**Given data:**
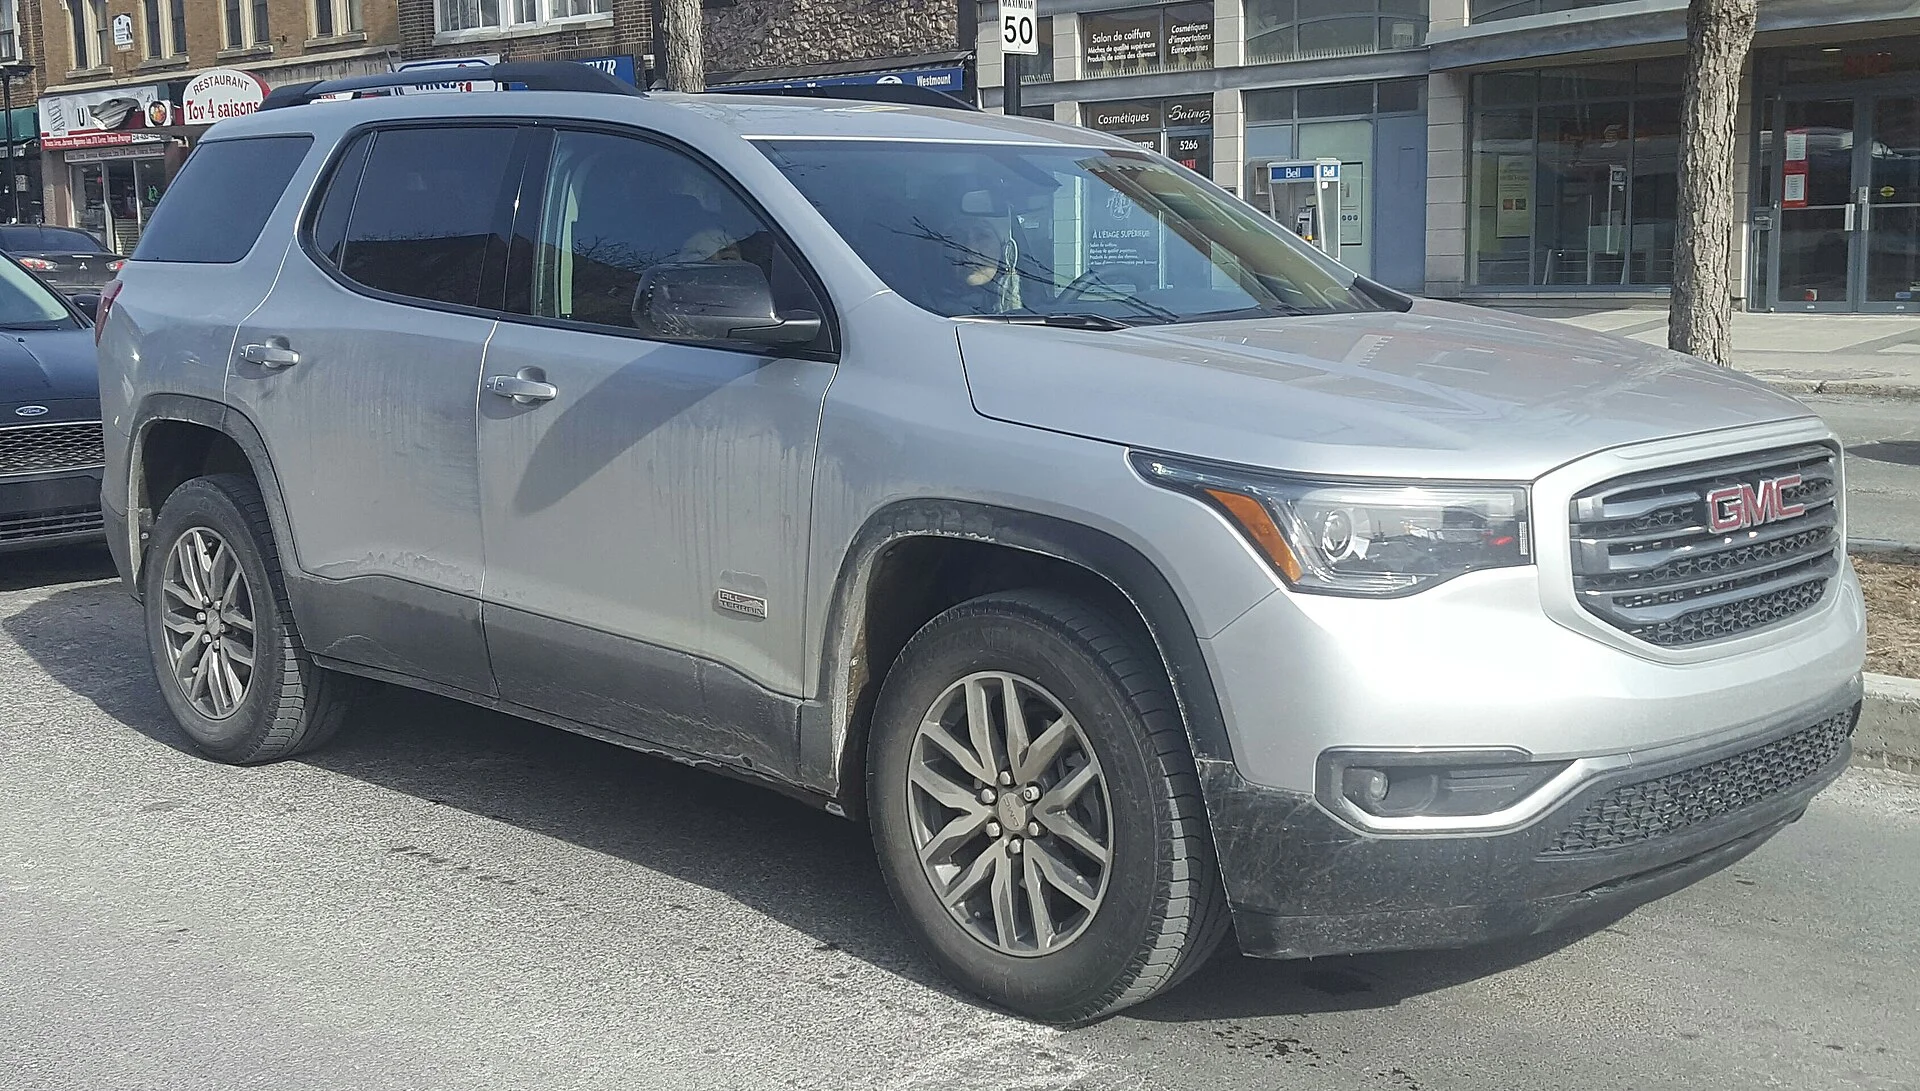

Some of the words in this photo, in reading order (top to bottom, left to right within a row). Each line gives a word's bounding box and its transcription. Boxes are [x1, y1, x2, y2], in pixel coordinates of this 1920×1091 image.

[1002, 0, 1033, 9] MAXIMUM
[1004, 16, 1032, 44] 50
[1171, 22, 1209, 34] Cosmétiques
[1092, 32, 1112, 43] Salon
[1113, 31, 1123, 41] de
[1124, 28, 1151, 40] coiffure
[1168, 33, 1211, 45] d'importations
[1106, 44, 1113, 52] de
[1113, 43, 1129, 53] qualité
[1130, 42, 1156, 51] supérieure
[1171, 44, 1209, 56] Européennes
[1087, 53, 1106, 63] Produits
[1107, 53, 1113, 61] de
[1127, 51, 1136, 59] des
[1137, 50, 1156, 58] cheveux
[193, 75, 250, 95] RESTAURANT
[917, 74, 951, 87] Westmount
[208, 98, 215, 119] 4
[218, 98, 259, 118] saisons
[1097, 112, 1150, 125] Cosmétiques
[1179, 140, 1199, 150] 5266
[1285, 167, 1301, 178] Bell
[1323, 166, 1335, 177] Bell
[1707, 474, 1805, 533] GMC
[721, 593, 740, 602] ALL

**Try it:** Each record above, in full: return it exactly, pictures excluded.

**Written reply:**
Some of the words in this photo, in reading order (top to bottom, left to right within a row). Each line gives a word's bounding box and its transcription. Boxes are [x1, y1, x2, y2], in pixel coordinates of this 1920×1091 image.

[1002, 0, 1033, 9] MAXIMUM
[1004, 16, 1032, 44] 50
[1171, 22, 1209, 34] Cosmétiques
[1092, 32, 1112, 43] Salon
[1113, 31, 1123, 41] de
[1124, 28, 1151, 40] coiffure
[1168, 33, 1211, 45] d'importations
[1106, 44, 1113, 52] de
[1113, 43, 1129, 53] qualité
[1130, 42, 1156, 51] supérieure
[1171, 44, 1209, 56] Européennes
[1087, 53, 1106, 63] Produits
[1107, 53, 1113, 61] de
[1127, 51, 1136, 59] des
[1137, 50, 1156, 58] cheveux
[193, 75, 250, 95] RESTAURANT
[917, 74, 951, 87] Westmount
[208, 98, 215, 119] 4
[218, 98, 259, 118] saisons
[1097, 112, 1150, 125] Cosmétiques
[1179, 140, 1199, 150] 5266
[1285, 167, 1301, 178] Bell
[1323, 166, 1335, 177] Bell
[1707, 474, 1805, 533] GMC
[721, 593, 740, 602] ALL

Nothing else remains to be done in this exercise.